+++ DATA TO EXAMINE

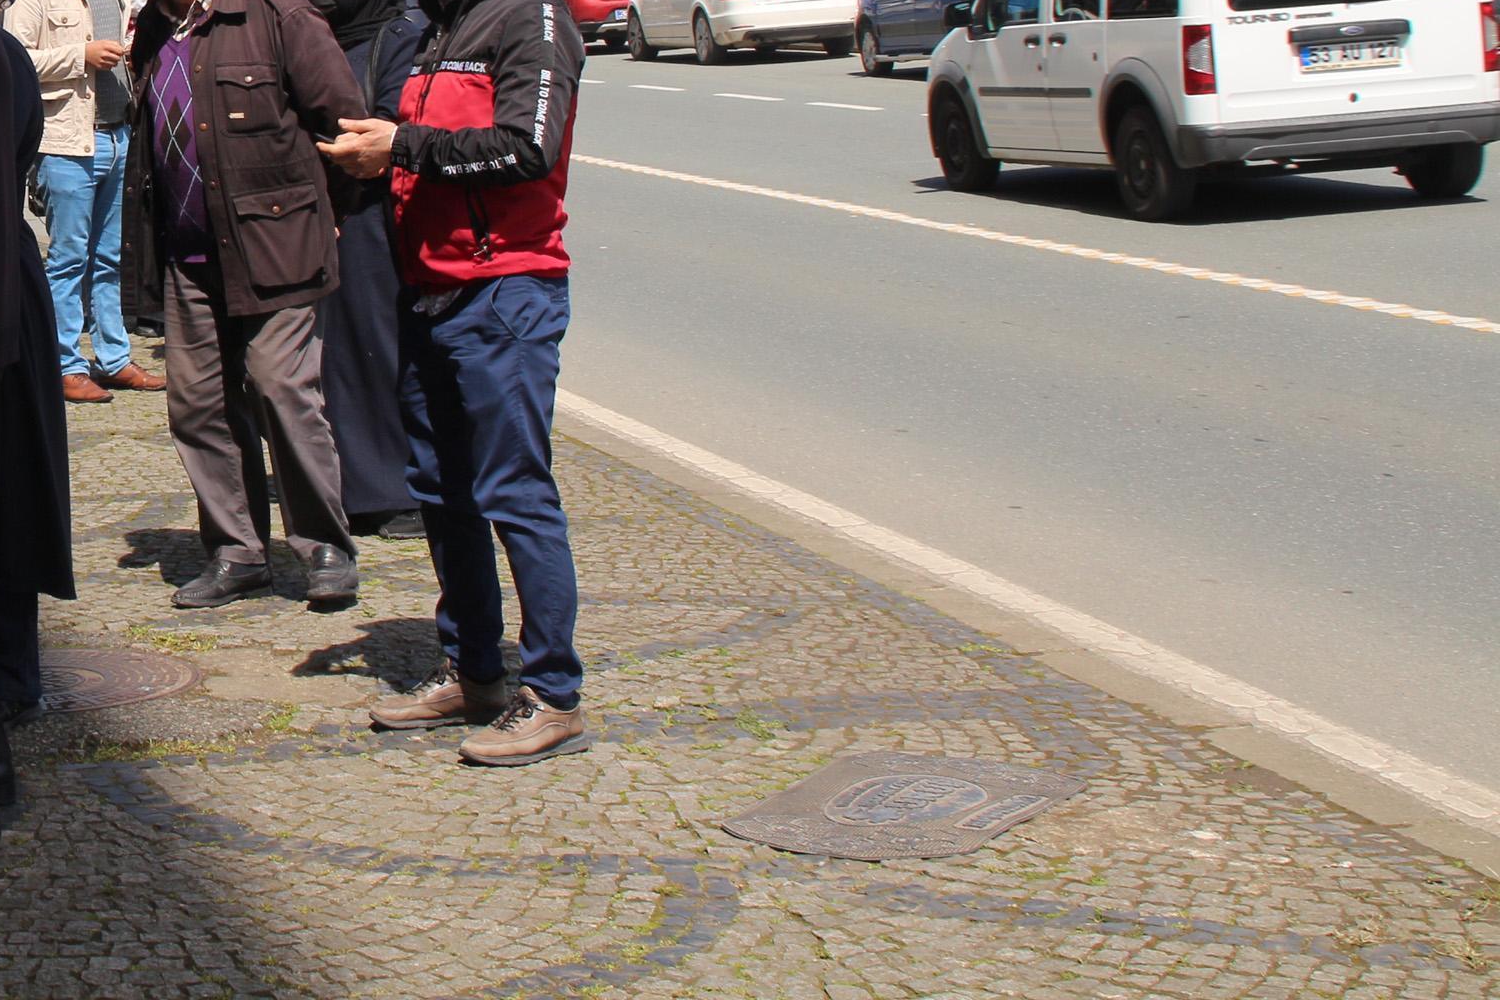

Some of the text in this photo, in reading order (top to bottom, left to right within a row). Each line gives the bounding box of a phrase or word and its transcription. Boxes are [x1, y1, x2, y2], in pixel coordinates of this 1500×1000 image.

[1226, 12, 1290, 25] TOURNEO
[542, 19, 554, 43] BACK
[464, 61, 487, 73] BACK
[532, 69, 552, 148] BILL TO COME BACK
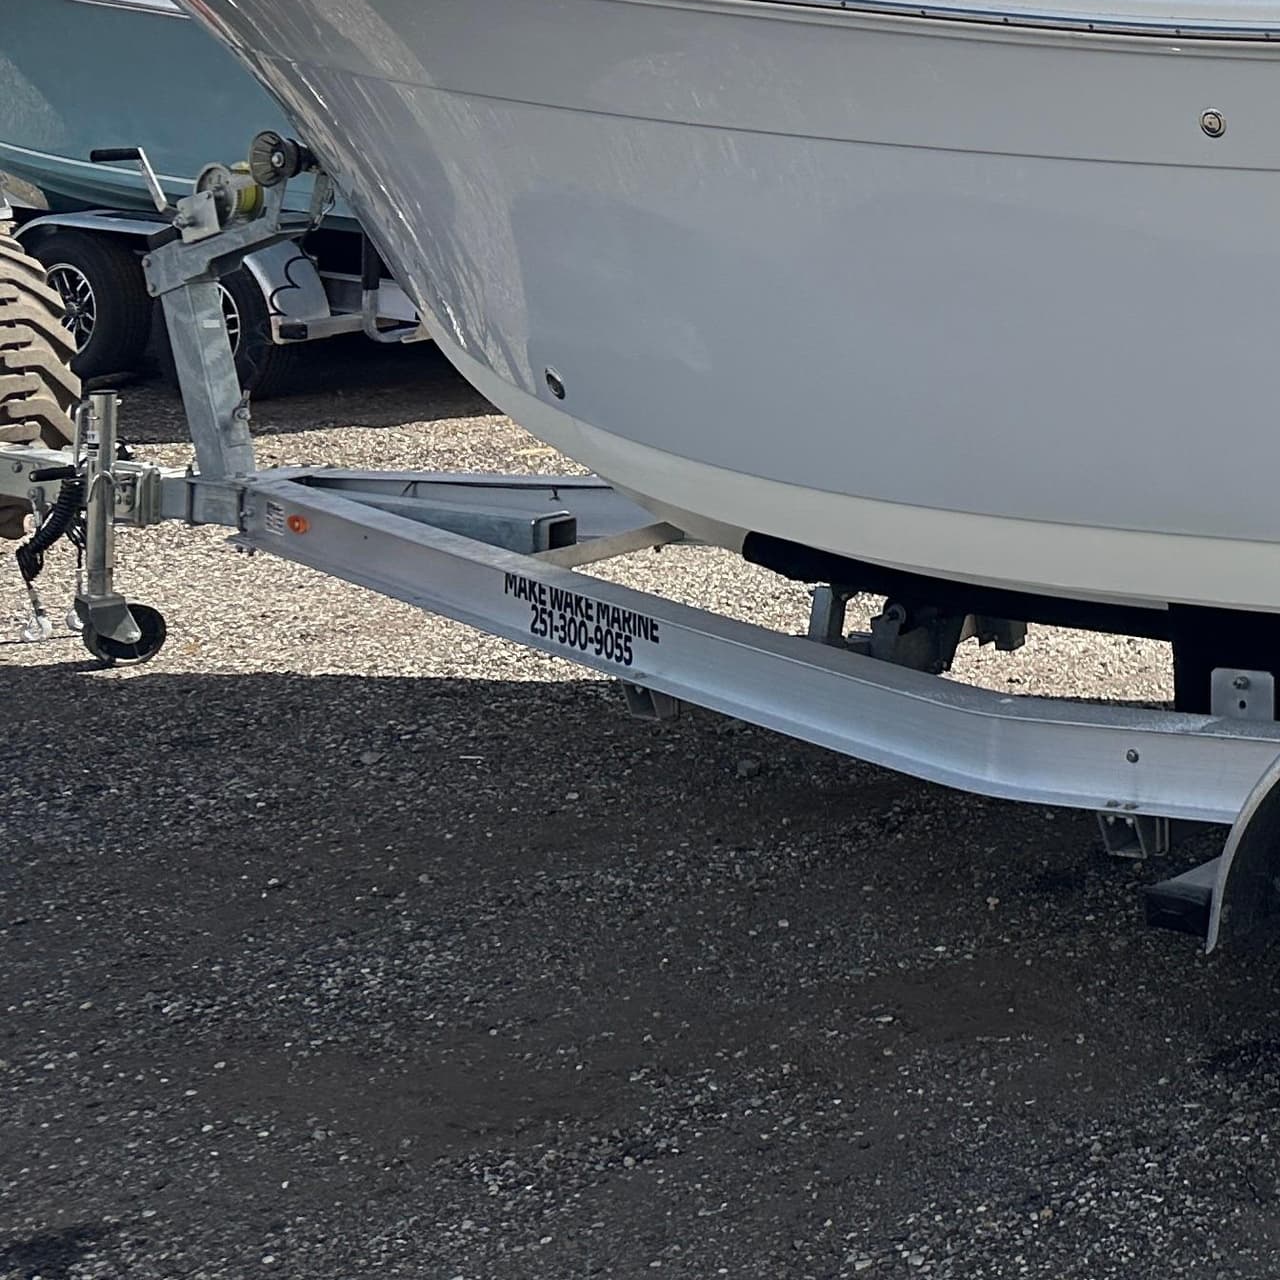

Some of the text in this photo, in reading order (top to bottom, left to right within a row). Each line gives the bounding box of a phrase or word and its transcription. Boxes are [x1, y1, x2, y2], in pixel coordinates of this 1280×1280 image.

[504, 572, 660, 644] MAKE WAKE MARINE
[530, 604, 633, 665] 251-300-9055
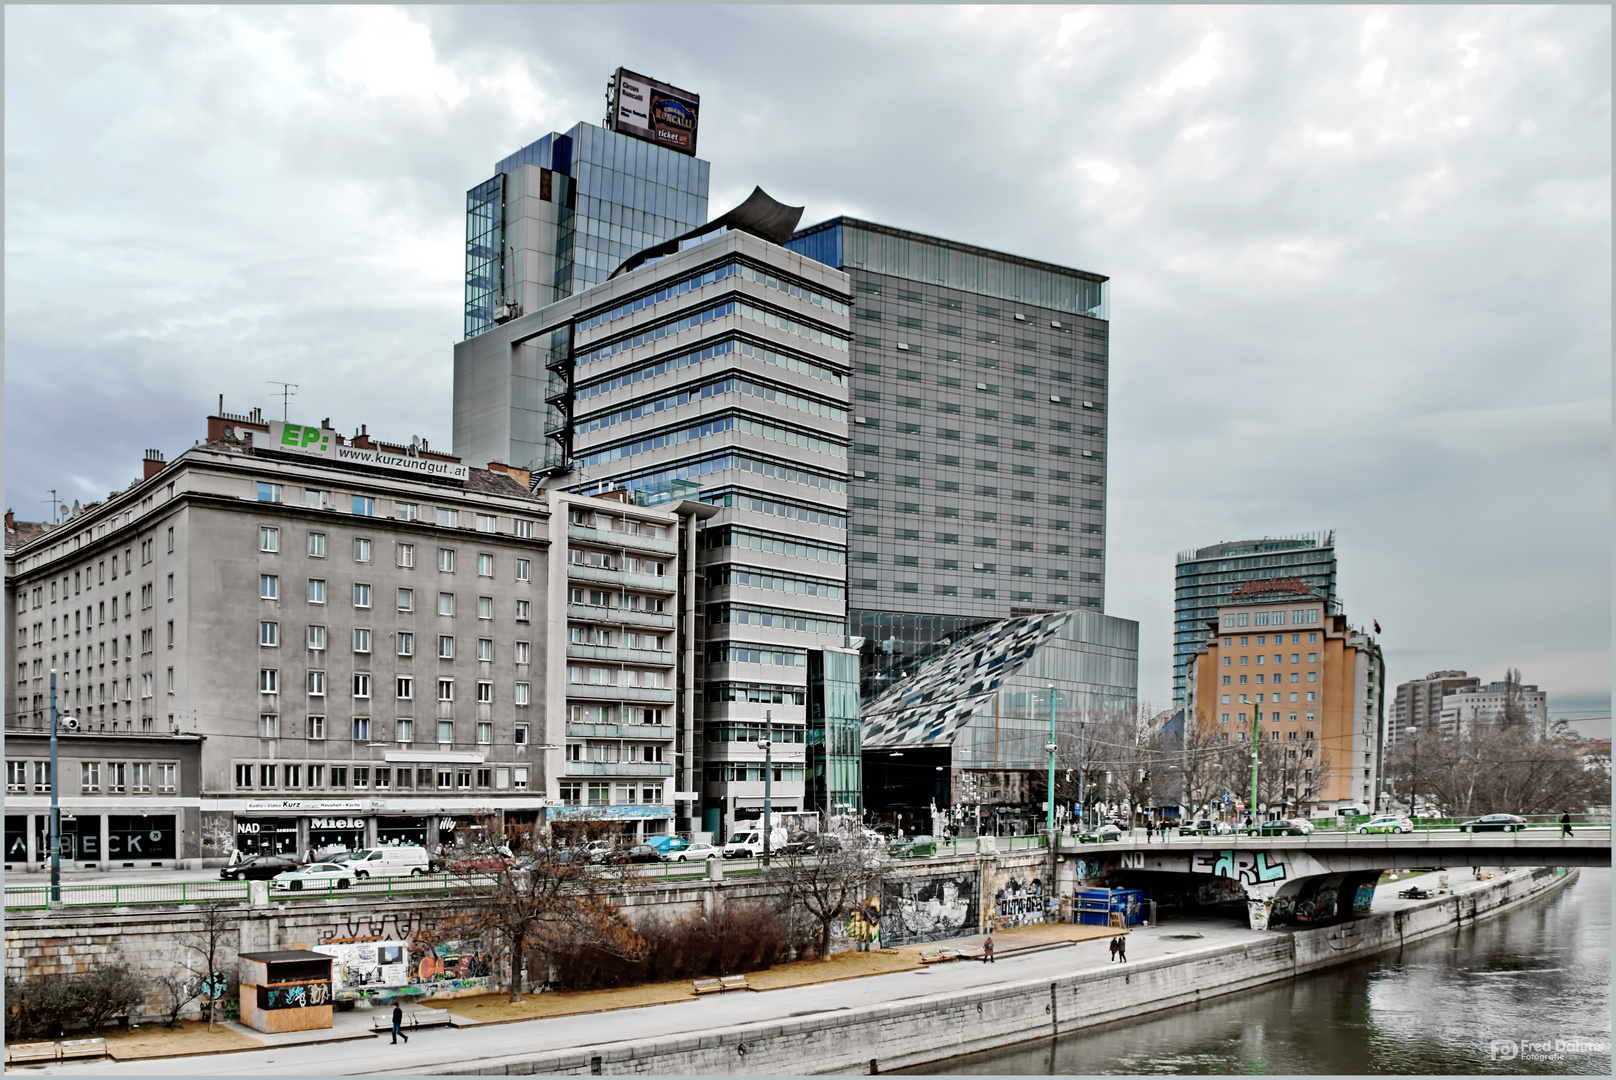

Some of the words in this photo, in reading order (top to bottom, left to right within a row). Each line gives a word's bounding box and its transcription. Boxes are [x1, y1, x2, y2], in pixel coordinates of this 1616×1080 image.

[621, 89, 643, 101] Roncalli
[622, 82, 639, 93] Circus
[655, 108, 692, 129] RONCALLI
[280, 423, 329, 452] EP:
[339, 448, 467, 477] www.kurzundgut.at
[237, 822, 261, 834] NAD
[310, 817, 365, 829] Miele
[439, 816, 457, 833] illy
[1120, 851, 1145, 869] NO
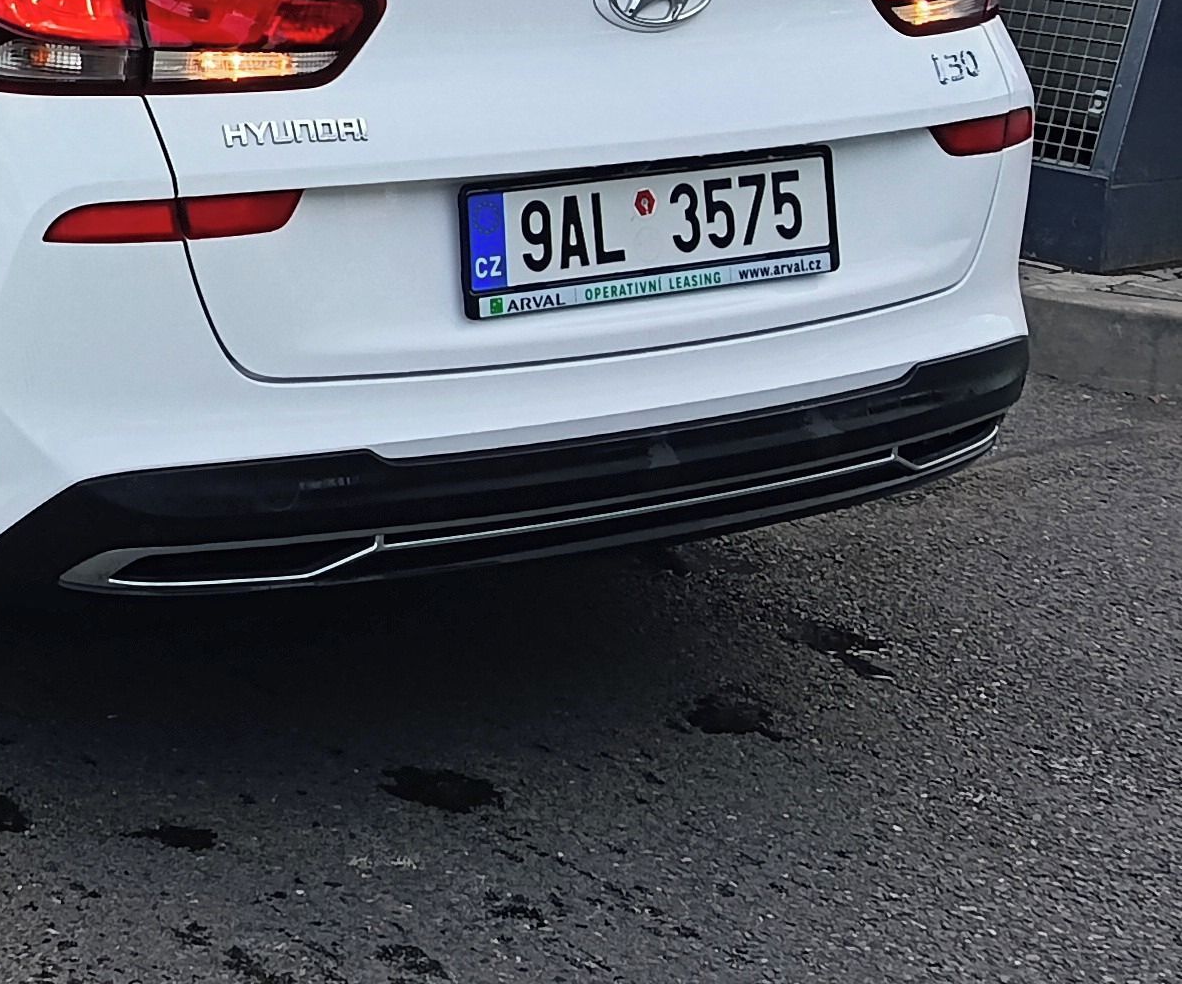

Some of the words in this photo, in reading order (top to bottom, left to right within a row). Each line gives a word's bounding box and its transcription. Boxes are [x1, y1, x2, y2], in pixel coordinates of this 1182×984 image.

[222, 117, 368, 148] HYUNDAI
[521, 192, 626, 272] 9AL
[669, 169, 803, 253] 3575
[474, 255, 503, 279] CZ
[507, 293, 566, 313] ARVAL
[585, 275, 662, 301] OPERATIVNÍ
[669, 271, 721, 290] LEASING
[739, 259, 821, 280] www.arval.cz

++++++

WHAT YOU WILL DO: The records above are to be restated word for word, excluding all pictures.

OUTPUT FOR THIS EXERCISE:
Some of the text in this photo, in reading order (top to bottom, left to right within a row). Each line gives the bounding box of a phrase or word and its transcription. Boxes are [x1, y1, x2, y2], in pixel coordinates of this 1500×1000 image.

[1226, 12, 1290, 25] TOURNEO
[542, 19, 554, 43] BACK
[464, 61, 487, 73] BACK
[532, 69, 552, 148] BILL TO COME BACK

Some of the text in this photo, in reading order (top to bottom, left to right within a row). Each line gives the bounding box of a phrase or word and its transcription. Boxes are [x1, y1, x2, y2], in pixel coordinates of this 1280×1280 image.

[504, 572, 660, 644] MAKE WAKE MARINE
[530, 604, 633, 665] 251-300-9055

Some of the words in this photo, in reading order (top to bottom, left to right within a row). Each line gives a word's bounding box and its transcription. Boxes are [x1, y1, x2, y2], in pixel coordinates of this 1616×1080 image.

[621, 89, 643, 101] Roncalli
[622, 82, 639, 93] Circus
[655, 108, 692, 129] RONCALLI
[280, 423, 329, 452] EP:
[339, 448, 467, 477] www.kurzundgut.at
[237, 822, 261, 834] NAD
[310, 817, 365, 829] Miele
[439, 816, 457, 833] illy
[1120, 851, 1145, 869] NO

Some of the words in this photo, in reading order (top to bottom, left to right within a row). Each line gives a word's bounding box and its transcription. Boxes are [x1, y1, x2, y2], in pixel coordinates of this 1182×984 image.

[222, 117, 368, 148] HYUNDAI
[521, 192, 626, 272] 9AL
[669, 169, 803, 253] 3575
[474, 255, 503, 279] CZ
[507, 293, 566, 313] ARVAL
[585, 275, 662, 301] OPERATIVNÍ
[669, 271, 721, 290] LEASING
[739, 259, 821, 280] www.arval.cz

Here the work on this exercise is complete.